*EXTRACTED INFORMATION*
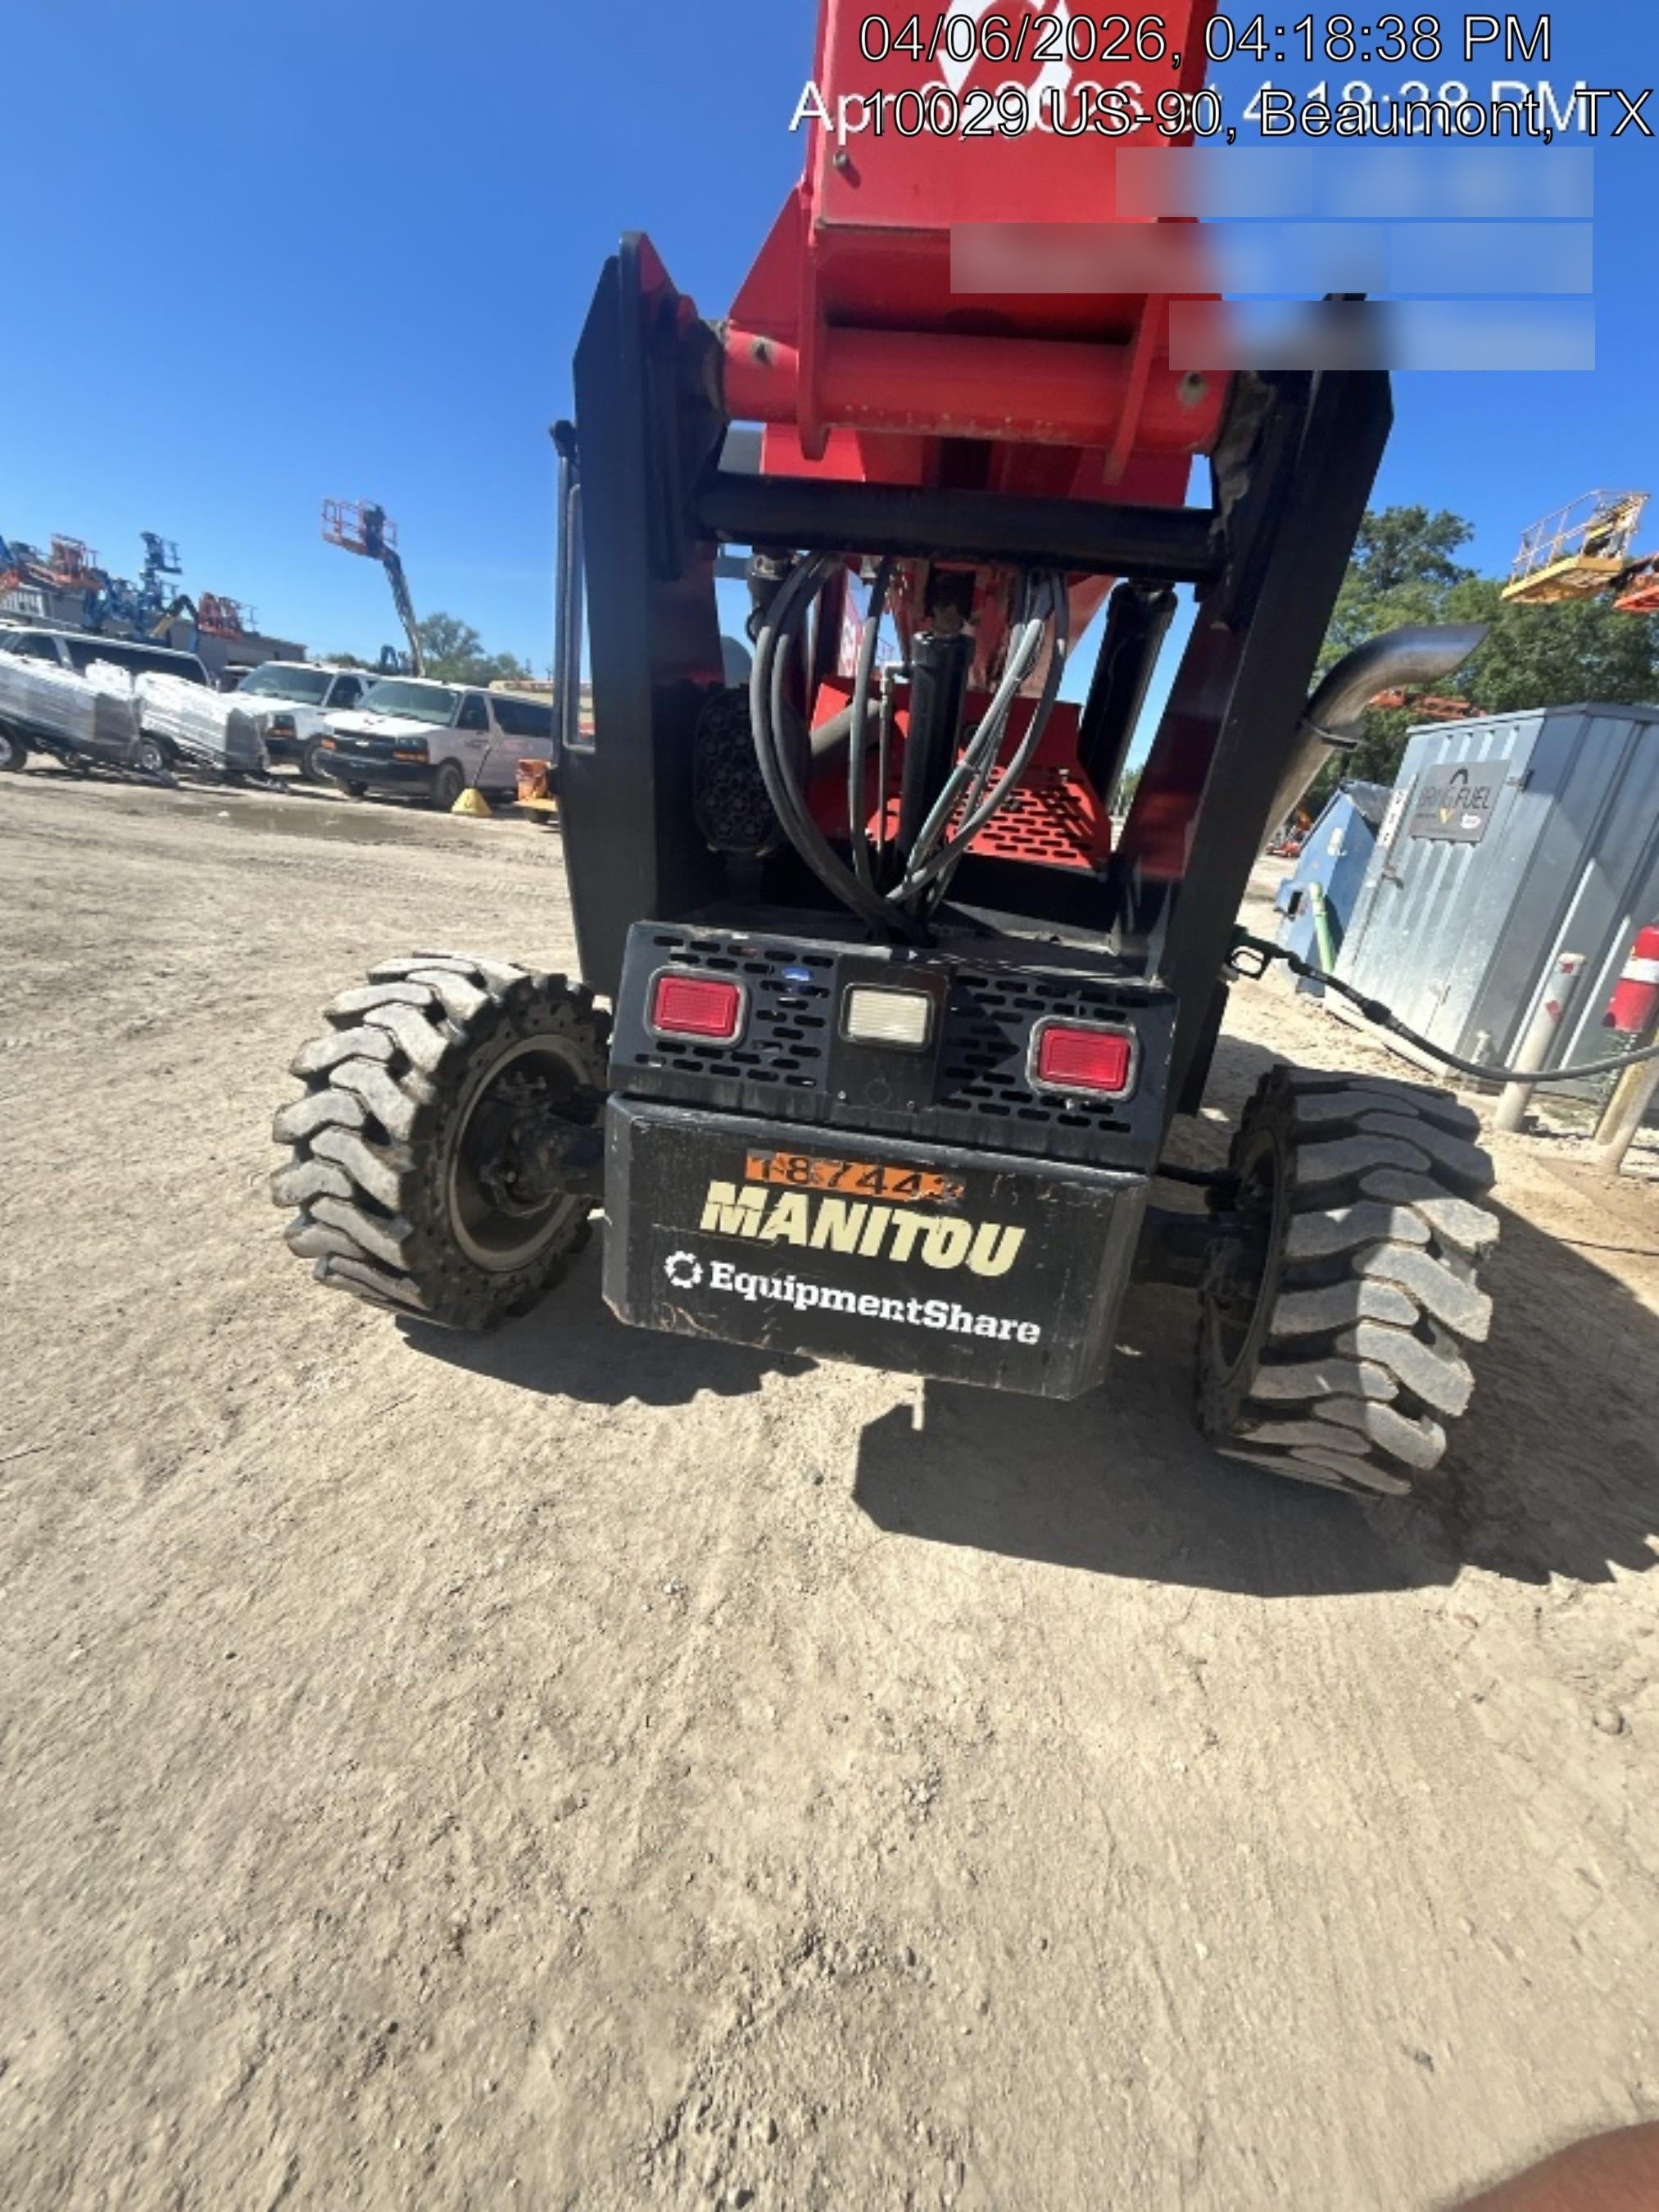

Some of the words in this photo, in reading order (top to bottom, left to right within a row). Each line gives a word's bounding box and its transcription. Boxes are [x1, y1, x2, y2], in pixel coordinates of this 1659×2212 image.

[1453, 786, 1491, 809] FUEL
[700, 1181, 1026, 1277] MANITOU
[709, 1260, 1040, 1344] EquipmentShare
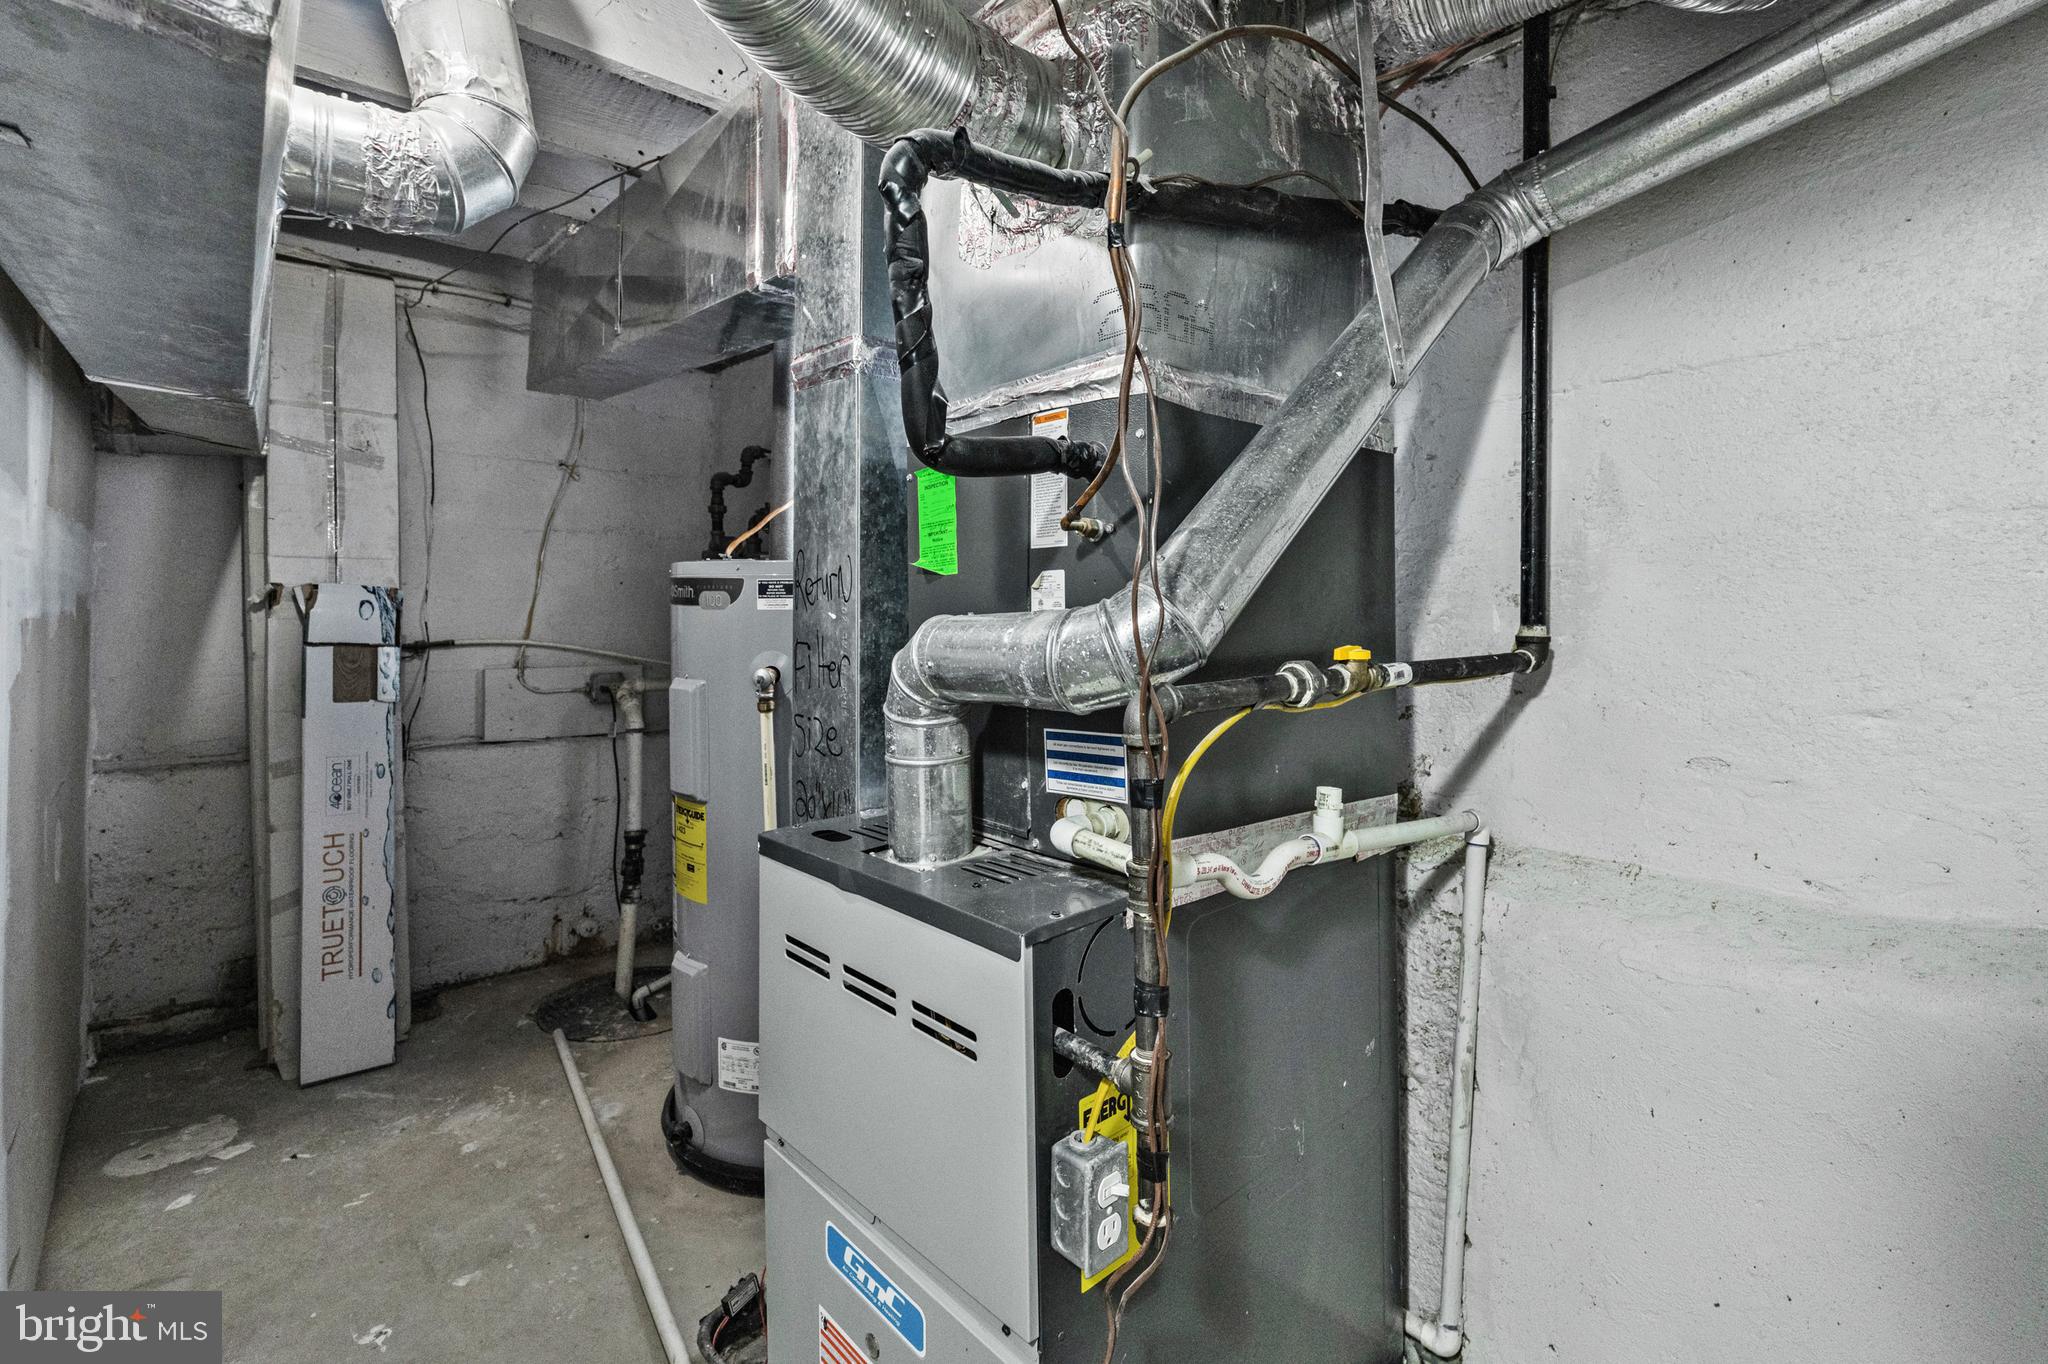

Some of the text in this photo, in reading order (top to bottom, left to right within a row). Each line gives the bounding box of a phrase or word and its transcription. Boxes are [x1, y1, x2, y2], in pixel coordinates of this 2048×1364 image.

*WHAT YOU HAVE TO DO*
Set down all entries above again, exactly, without images.

*REPLY TO THE EXERCISE*
Some of the words in this photo, in reading order (top to bottom, left to right within a row). Each line gives a word's bounding box and its transcription. Boxes are [x1, y1, x2, y2], in pixel coordinates of this 1659×2212 image.

[1453, 786, 1491, 809] FUEL
[700, 1181, 1026, 1277] MANITOU
[709, 1260, 1040, 1344] EquipmentShare

Some of the text in this photo, in reading order (top to bottom, left to right within a row). Each line gives the bounding box of a phrase or word and its transcription. Boxes are [x1, y1, x2, y2], in pixel coordinates of this 2048×1364 image.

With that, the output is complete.